Um "doente" e não um "monstro" - Roque de Brito Alves

20/04/2009
Um "doente" e não um "monstro" - Roque de Brito Alves
1 - O engenheiro austríaco Josef Fritzl que manteve a sua filha Elisabeth em cárcere privado por 24 anos, estuprando-a por inúmeras vezes, gerando sete filhos, foi condenado a prisão perpétua em 19 de março último, pelos delitos de incesto, cárcere privado, coerção e homicídio culposo (de um seu filho por falta de cuidados médicos) e sempre foi tratado desde o início do processo o ano passado como o "Monstro da Áustria" pela imprensa mundial como se não fizesse parte da raça humana. Personagem de um caso inimaginável que demonstra, mais uma vez, que a vida está além de qualquer ficção (e não "ficção além de qualquer imaginação", como sempre é dito) abalou mesmo o mundo com o impacto de seus crimes durante tanto tempo ocultando de tudo e de todos a sua "vida dupla" - ou a sua "dupla personalidade" - , com uma frieza impressionante.

2 - Pelos detalhes do caso revelados na imprensa, entendemos que em vez de ser classificado como um "monstro",seria mais correto qualificá-lo como um "doente" em termos de personalidade psicopática (não "psicótica", não é um "doente mental", um inimputável) configuradora da denominada "loucura moral". Um "louco moral" com vontade e inteligência normais - sabe o que faz - porém sob grave anomalia moral ou afetiva (um retardado ou imaturo afetivo), sem distinguir o bem e o mal, um semi-imputável passível de pena em sua profunda desordem de personalidade, perigoso, uma verdadeira ameaça à sociedade se em liberdade. Segundo a imprensa, será colocado em um estabelecimento (hospital psiquiátrico ou manicômio judiciário) para criminosos com perturbações mentais (em nosso sistema penal, seria a aplicação de uma medida de segurança - que não é pena - em um hospital psiquiátrico).

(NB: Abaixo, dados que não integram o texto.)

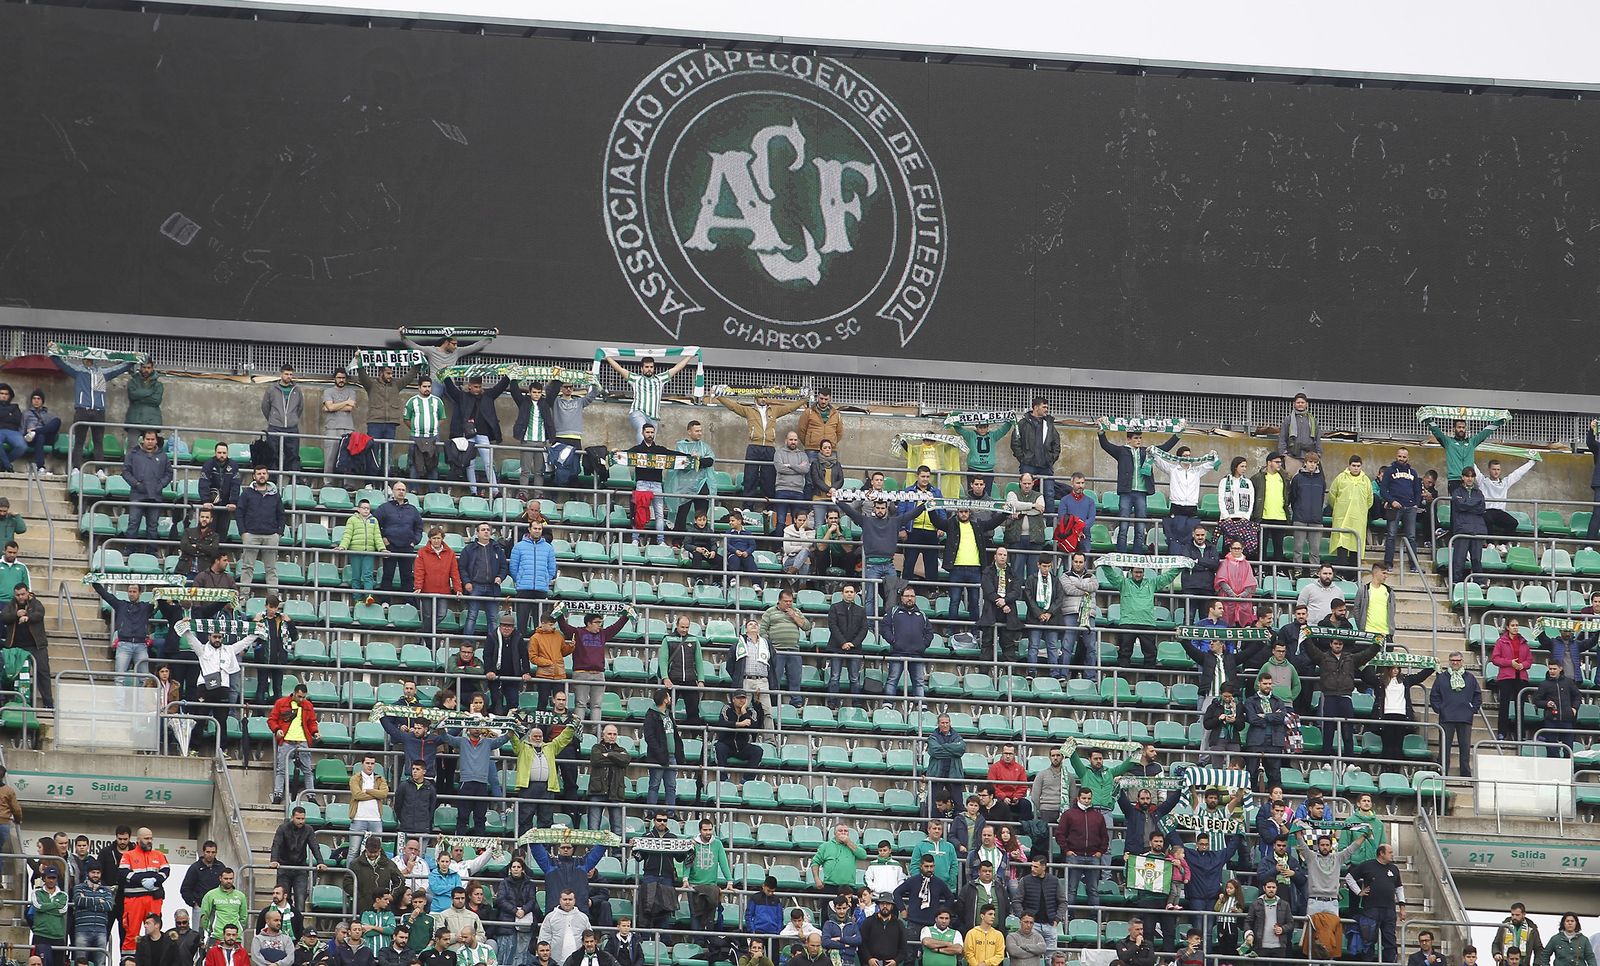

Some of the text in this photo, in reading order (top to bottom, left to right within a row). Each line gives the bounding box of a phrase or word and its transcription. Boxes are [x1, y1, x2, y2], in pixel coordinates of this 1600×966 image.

[660, 51, 891, 129] CHAPECOENSE
[888, 131, 924, 175] DE
[891, 184, 938, 321] FUTEBOL
[723, 316, 822, 349] CHAPECO
[835, 317, 861, 341] SC
[363, 352, 420, 363] REAL BETIS
[528, 367, 552, 376] REAL
[960, 411, 1015, 422] REAL BETIS
[1437, 408, 1495, 417] REAL BETIS
[1116, 418, 1142, 426] REAL
[197, 588, 229, 597] BETIS
[565, 601, 591, 610] REAL
[594, 603, 624, 612] BETIS
[1182, 628, 1269, 639] REAL BETIS
[527, 715, 559, 725] BETIS
[47, 784, 74, 796] 215
[91, 781, 128, 792] Salida
[101, 792, 117, 801] Exit
[145, 789, 172, 801] 215
[1207, 820, 1236, 831] BETIS
[1469, 852, 1495, 863] 217
[1511, 850, 1546, 862] Salida
[1562, 856, 1588, 867] 217
[1520, 860, 1535, 870] Exit

3 - Embora com algumas distinções no caso de Josef Fritzl (confissão dos crimes ao final do julgamento, reconhecimento de culpa, arrependimento pelo que fez), a sua conduta criminosa durante longos anos, a sua "frieza impressionante", a sua "dupla personalidade" que encantava os seus vizinhos ("amável, cortês") em Amstetten, Áustria, tudo está a indicar que se trata de um "louco moral" onde está ausente todo afetividade humana, compaixão, senso moral, de alguém que não sente nada em termos afetivos (tipo do "não gosta de ninguém e não quer que ninguém goste dele"), de grande perversidade com exemplos em criminosos célebres através da história da criminalidade. Crimes que são cometidos durante muito tempo e que para tal personalidade não significam nada, não sentem nada em relação aos mesmos. Em tal personalidade, é o prazer do mal pelo mal, sem a noção ou o sentimento do bem, com indiferença pela vida humana de um egoísmo exacerbado. Em sua ação criminosa não é impulsivo, age friamente, é calmo, controlado durante o seu comportamento criminoso sempre planejado cuidadosamente em todos os seus detalhes, em uma premeditação que revela toda a sua insensibilidade afetiva, a sua ausência de inibições morais, em sua anomalia sentimental, como se fosse uma perversidade inata ("perversidade constitucional" dos psiquiatras franceses, "imoral constitucional" dos autores italianos").

4 - Historicamente, em síntese, a partir de 1830, psiquiatras ingleses - Prichard e Maudsley - passaram a examinar e a conceituar a "loucura moral ("moral insanity") distinguindo-a da "insanidade mental" propriamente dita como uma anomalia afetiva sem a anomalia das faculdades intelectuais (inteligência e vontade continuariam normais). Ou seja: tal personalidade distingue "o certo" do "errado" mas não distingue "o bem" e o "mal", é um anômalo moral ou sentimental como o austríaco Josef Fritzl.